The endopiriform nucleus (EPN) is a well-defined structure that is located deeply in the piriform region at the border with the striatum and is characterized by dense intrinsic connections and prominent projections to piriform and limbic cortices. The EPN has been proposed to promote synchronization of large populations of neurons in the olfactory cortices via the activation of transient depolarizations possibly mediated by Ca2+ spikes. It is known that principal cells in the EPN express both a low- and high-voltage–activated (HVA) Ca2+ currents. We further characterized HVA conductances possibly related to Ca2+-spike generation in the EPN with a whole cell, patch-clamp study on neurons acutely dissociated from the EPN of the guinea pig.

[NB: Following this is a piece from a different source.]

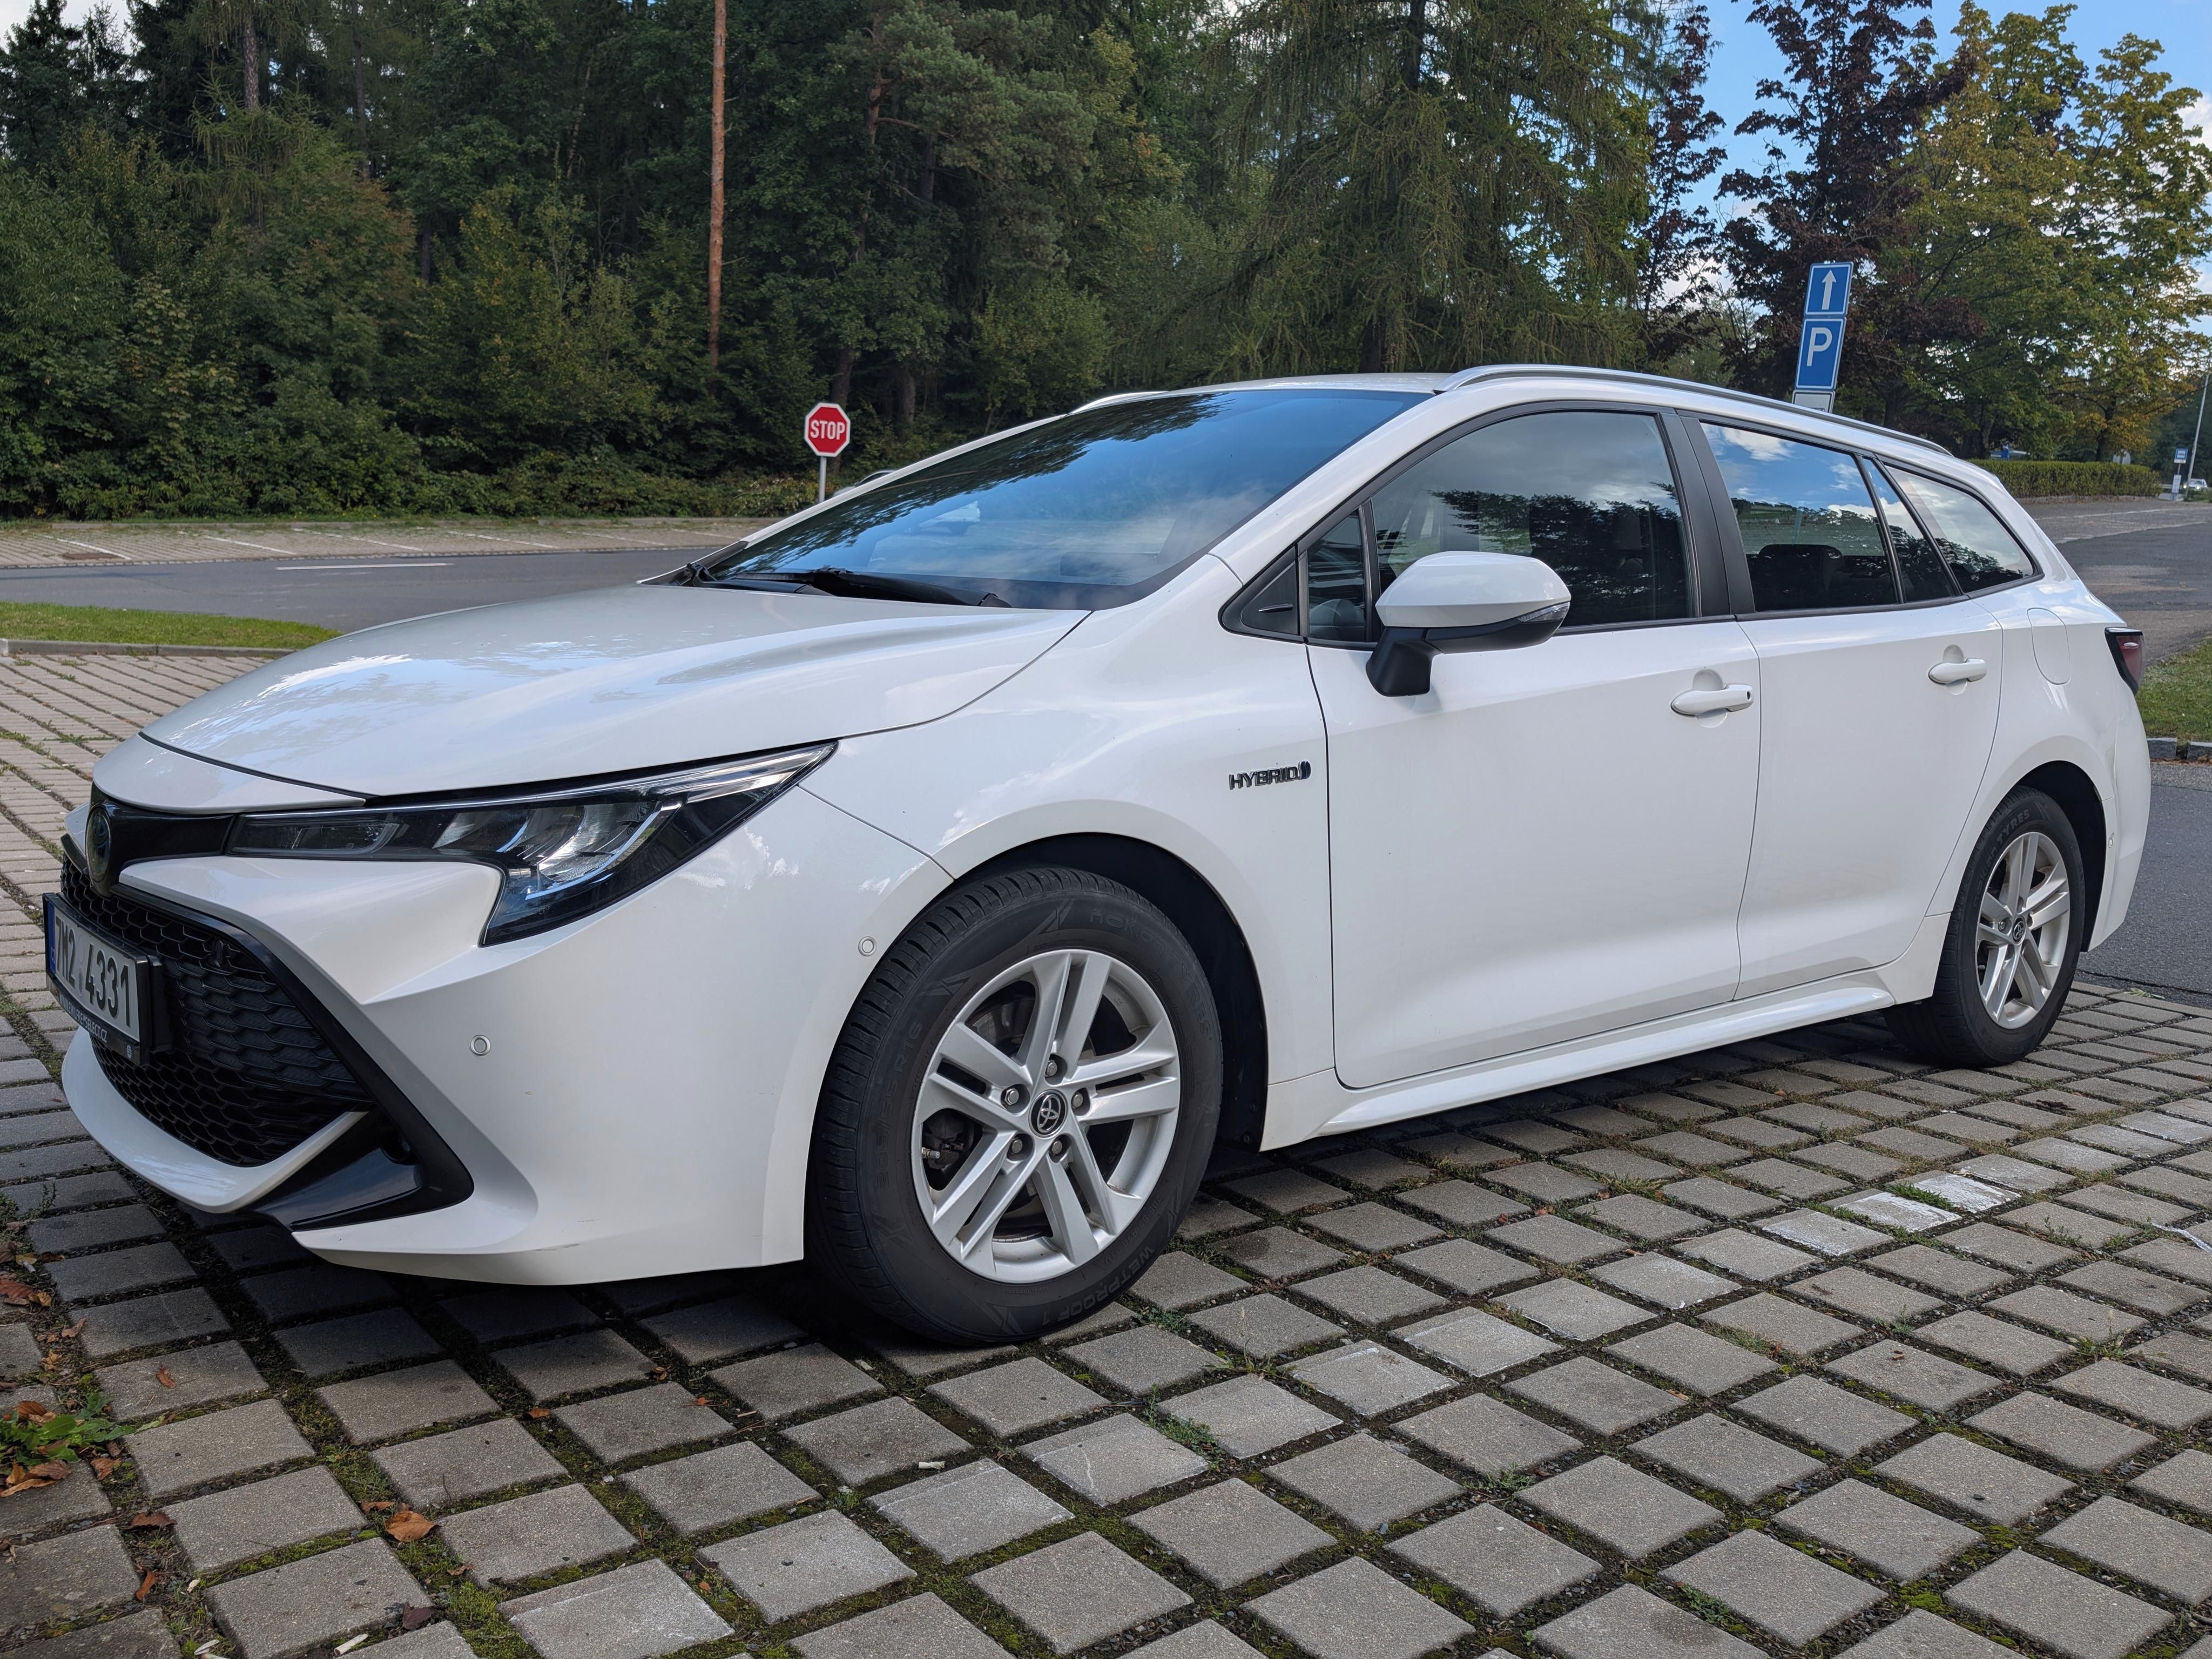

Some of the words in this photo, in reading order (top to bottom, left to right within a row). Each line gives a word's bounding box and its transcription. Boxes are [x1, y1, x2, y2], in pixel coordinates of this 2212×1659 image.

To study HVA currents in isolation, experiments were performed from a holding potential of −60 mV, using Ba2+ as the permeant ion. Total Ba2+ currents ( I Ba) evoked by depolarizing square pulses peaked at 0/+10 mV and were completely abolished by 200 μM Cd2+. The pharmacology of HVA I Bas was analyzed by applying saturating concentrations of specific Ca2+-channel blockers. The L-type blocker nifedipine (10 μM; n = 11), the N-type–channel blocker ω-conotoxin GVIA (0.5 μM; n = 24), and the P/Q-type blocker ω-conotoxin MVIIC (1 μM; n = 16) abolished fractions of total I Bas equal on average to 24.7 ± 5.4%, 27.1 ± 3.4%, and 22.2 ± 2.4%, respectively (mean ± SE). The simultaneous application of the three blockers reduced I Ba by 68.5 ± 6.6% ( n = 10). Nifedipine-sensitive currents and most N- and P/Q-type currents were slowly decaying, the average fractional persistence after 300 ms of steady depolarization being 0.77 ± 0.02, 0.60 ± 0.06, and 0.68 ± 0.04, respectively. The residual, blocker-resistant (R-type) currents were consistently faster inactivating, with an average fractional persistence after 300 ms of 0.30 ± 0.08. Fast-decaying R-type currents also displayed a more negative threshold of activation (by about 10 mV) than non–R-type HVA currents. These results demonstrate that EPN neurons express multiple pharmacological components of the HVA Ca2+currents and point to the existence of an R-type current with specific functional properties including fast inactivation kinetics and intermediate threshold of activation.